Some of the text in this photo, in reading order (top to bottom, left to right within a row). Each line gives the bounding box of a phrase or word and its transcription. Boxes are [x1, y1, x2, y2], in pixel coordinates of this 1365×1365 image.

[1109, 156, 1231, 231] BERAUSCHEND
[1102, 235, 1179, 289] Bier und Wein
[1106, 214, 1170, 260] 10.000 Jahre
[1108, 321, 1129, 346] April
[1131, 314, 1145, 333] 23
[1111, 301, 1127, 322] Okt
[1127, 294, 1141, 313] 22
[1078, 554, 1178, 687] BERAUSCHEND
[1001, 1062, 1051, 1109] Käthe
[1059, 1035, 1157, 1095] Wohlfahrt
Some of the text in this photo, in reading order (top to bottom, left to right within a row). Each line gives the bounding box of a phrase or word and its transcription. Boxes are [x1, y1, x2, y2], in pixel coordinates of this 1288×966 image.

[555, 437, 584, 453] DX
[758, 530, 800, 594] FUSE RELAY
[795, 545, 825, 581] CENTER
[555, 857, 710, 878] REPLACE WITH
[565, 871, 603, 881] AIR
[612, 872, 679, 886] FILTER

######

Retype the records above so that nothing differs from the original.

Some of the text in this photo, in reading order (top to bottom, left to right within a row). Each line gives the bounding box of a phrase or word and its transcription. Boxes are [x1, y1, x2, y2], in pixel coordinates of this 1365×1365 image.

[1109, 156, 1231, 231] BERAUSCHEND
[1102, 235, 1179, 289] Bier und Wein
[1106, 214, 1170, 260] 10.000 Jahre
[1108, 321, 1129, 346] April
[1131, 314, 1145, 333] 23
[1111, 301, 1127, 322] Okt
[1127, 294, 1141, 313] 22
[1078, 554, 1178, 687] BERAUSCHEND
[1001, 1062, 1051, 1109] Käthe
[1059, 1035, 1157, 1095] Wohlfahrt
Some of the text in this photo, in reading order (top to bottom, left to right within a row). Each line gives the bounding box of a phrase or word and its transcription. Boxes are [x1, y1, x2, y2], in pixel coordinates of this 1288×966 image.

[555, 437, 584, 453] DX
[758, 530, 800, 594] FUSE RELAY
[795, 545, 825, 581] CENTER
[555, 857, 710, 878] REPLACE WITH
[565, 871, 603, 881] AIR
[612, 872, 679, 886] FILTER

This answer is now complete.